Browsing the target activities of Tuberculosis (A15–A19). Users can perform a keyword search (B), perform a structure search (C), or browse targets by target classification (D) or ICD disease classification (E). Click the menu icon (A) to show or hide the search panel. The table in the right (F) is the result activities. Click ChEMBL ID, accession code and assay number to view corresponding page. Columns followed by “*” are sortable

Target information page

One of the central features of Bioactivity-explorer is the target information page. In addition to the basic information on a target, to improve usability, bioactivities, charts based on bioactivity data, target interaction network, MMPs and active scaffolds are also organized into this page. Compared to the charts of a target at the official ChEMBL site, Bioactivity-explorer provides charts with more functionalities. Taking the ligand property histogram as an example (Fig. 2), the chart in Bioactivity-explorer was further associated with bioactivities. Active and inactive molecules were shown in different colors; therefore, by selecting different activity thresholds and bin sizes, the user can view the compound properties interactively, including the molecular weight, polar surface area (PSA), AlogP, number of heavy atoms, number of aromatic rings, number of rotatable bonds (RTB), number of hydrogen bond donors (HBD) and number of hydrogen bond acceptors (HBA). There is an additional chart about the number of papers published each year on the target, which gives an overview of the research trend of this target.

Fig. 2
figure2

Target-associated compound property histogram. Active and inactive molecules are shown in different colors. Below the histogram, the molecule property list, activity threshold and bin size threshold slider options could be used to interact with the chart

As stated above, the target interaction relationship here was defined by the number of shared active compounds or scaffolds. The “Network” tab on the target page contains a network, as shown in Fig. 3, illustrating these relationships. An edge that connects two nodes in the network denotes that the two targets have active compounds in common, and the width is proportional to the number of shared compounds. To construct an interactive network view, the node color (color by target type or organism), network type (shared compounds or scaffolds), activity threshold and number of shared compound thresholds are also customizable. The node and edge can be double-clicked to view the corresponding target and compound list, respectively. For some targets with a plethora of bioactivity data, it may take seconds to load the network.

Fig. 3
figure3

Target interaction network of Cyclin-dependent kinase 4/cyclin D1. The node and edge denote the target and target–target interaction relationship, and double click on them to view target information and the shared compounds list, respectively. The options below were used to interact with the network

The “MMP” tab on the target page contains a table of all MMPs derived from the assays of the target (Fig. 4). Each row of the MMP table is a matched molecular pair and consists of a right handed and left handed molecular structure, structural transformation, activity change, assays and physical property changes including molecular weight, PSA, RTB and Alogp. Finally, the “Scaffold” tab contains all BM scaffolds generated from active molecules of the target, together with the corresponding maximum, mean, median and minimum activity values of the scaffold and the number of underlying compounds. A case study exploring data on the target Cyclin-dependent kinase 5 is provided in the Additional file 1.

Fig. 4
figure4

An example of the MMP table. Each row of the table represents an MMP, including the left handed (LH) and right handed (RH) molecule, structural transformation, activity and property changes

Other pages were organized very similarly to the target page, except for specific data. For example, the “Related Molecules” tab on the molecule page contains molecules that have more than 5 active targets in common.

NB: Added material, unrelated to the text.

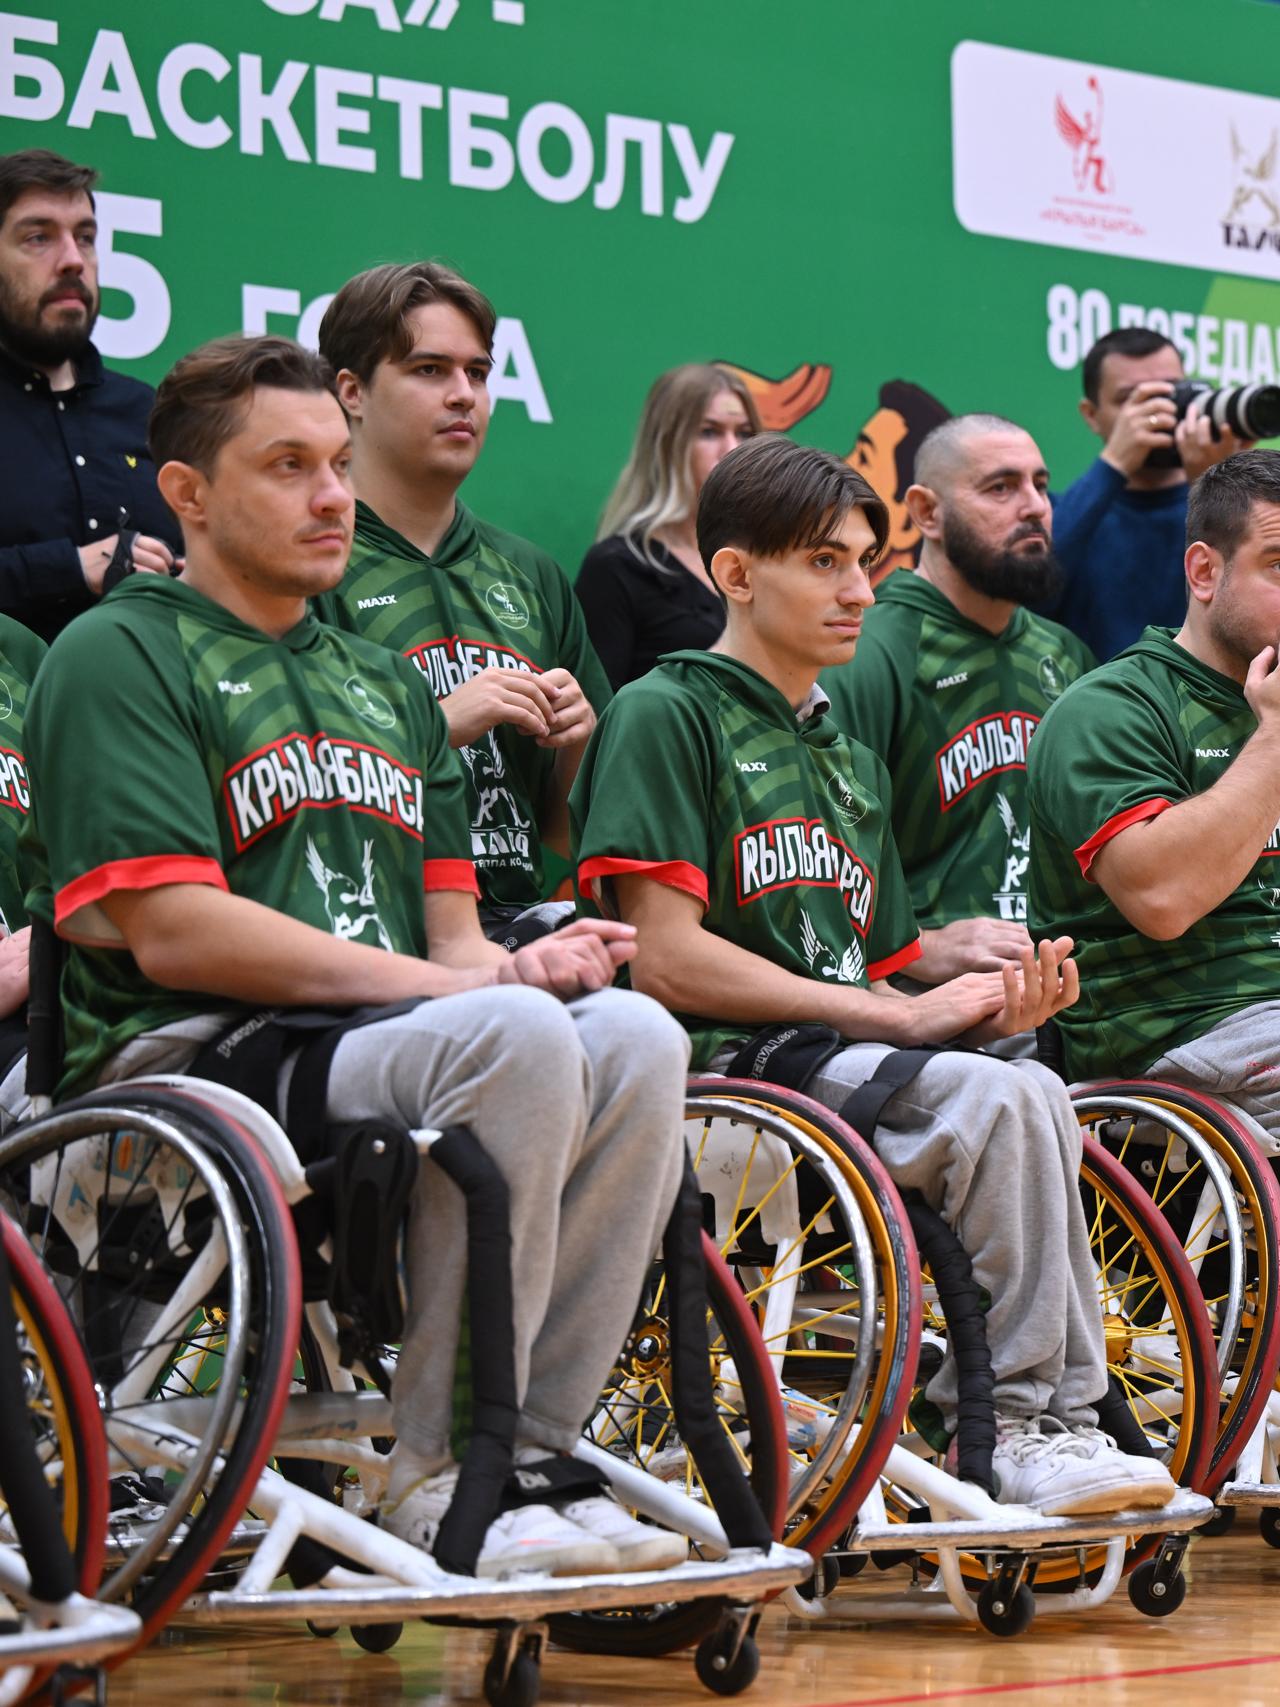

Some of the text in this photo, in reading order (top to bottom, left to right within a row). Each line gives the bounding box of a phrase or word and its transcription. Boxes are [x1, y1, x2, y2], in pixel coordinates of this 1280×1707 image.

The graphql query interface

Graphql is a query language for APIs, and gives the user the power to ask for exactly what they need. The graphql query interface (named graphiq) and the documentation are located at http://cadd.pharmacy.nankai.edu.cn/b17r_api/graphql. Figure 5 demonstrates a graphql query (in the left panel) that retrieves the first 10 activities with a pChEMBL value greater than 6 of the target Maltase-glucoamylase (ChEMBL tid 1). The retrieved results are located in the right panel in JSON format.

Fig. 5
figure5

The Graphql query interface (graphiql)

Conclusion

We open sourced both the front end and back end of Bioactivity-explorer so that anyone can become directly involved in the development process on GitHub, and researchers who are interested in this tool could build their own local server to use it (which we strongly recommend). In addition to the ChEMBL database, there are still many open and valuable databases that are of great benefit to the drug discovery community; therefore, we expect Bioactivity-explorer to provide an integrated drug development environment for drug discovery and a starting point to integrate more databases.

In summary, based on the ChEMBL database, Bioactivity-explorer consists of 493,430 scaffolds, 31,400,000 MMPs, 1330,220 target–target interactions in terms of shared active compounds, 4526,718 target–target interactions in terms of shared active scaffolds, 97,041,700 molecule–molecule interactions and 14,974 disease-target mappings. For detailed instructions on using Bioactivity-explorer, please refer to the help page.

Availability of data and materials

The front end and back end of the tool can be found at https://github.com/jianping-grp/ng-b17r and https://github.com/jianping-grp/b17r, respectively. The tool is also freely available at http://cadd.pharmacy.nankai.edu.cn/b17r.

References

  1. 1.

    Gaulton A, Hersey A, Nowotka M et al (2017) The ChEMBL database in 2017. Nucleic Acids Res 45:D945–D954. https://doi.org/10.1093/nar/gkw1074

  2. 2.

    Gilson MK, Liu T, Baitaluk M et al (2016) BindingDB in 2015: a public database for medicinal chemistry, computational chemistry and systems pharmacology. Nucleic Acids Res 44:D1045–D1053. https://doi.org/10.1093/nar/gkv1072

  3. 3.

    Kim S, Thiessen PA, Bolton EE et al (2016) PubChem substance and compound databases. Nucleic Acids Res 44:D1202–D1213. https://doi.org/10.1093/nar/gkv951

  4. 4.

    Griffen E, Leach AG, Robb GR, Warner DJ (2011) Matched molecular pairs as a medicinal chemistry tool. J Med Chem 54:7739–7750. https://doi.org/10.1021/jm200452d

  5. 5.

    Hu Y, Stumpfe D, Bajorath J (2011) Lessons learned from molecular scaffold analysis. J Chem Inf Model 51:1742–1753. https://doi.org/10.1021/ci200179y

  6. 6.

    Hopkins AL (2008) Network pharmacology: the next paradigm in drug discovery. Nat Chem Biol 4:682–690. https://doi.org/10.1038/nchembio.118

  7. 7.

    Hu Y, Stumpfe D, Bajorath J (2016) Computational exploration of molecular scaffolds in medicinal chemistry. J Med Chem 59:4062–4076

  8. 8.

    Paolini GV, Shapland RHB, Van Hoorn WP et al (2006) Global mapping of pharmacological space. Nat Biotechnol. https://doi.org/10.1038/nbt1228

  9. 9.

    Wirth M, Zoete V, Michielin O, Sauer WHB (2013) SwissBioisostere: a database of molecular replacements for ligand design. Nucleic Acids Res. https://doi.org/10.1093/nar/gks1059

  10. 10.

    Li YH, Yu CY, Li XX et al (2018) Therapeutic target database update 2018: enriched resource for facilitating bench-to-clinic research of targeted therapeutics. Nucleic Acids Res. https://doi.org/10.1093/nar/gkx1076

  11. 11.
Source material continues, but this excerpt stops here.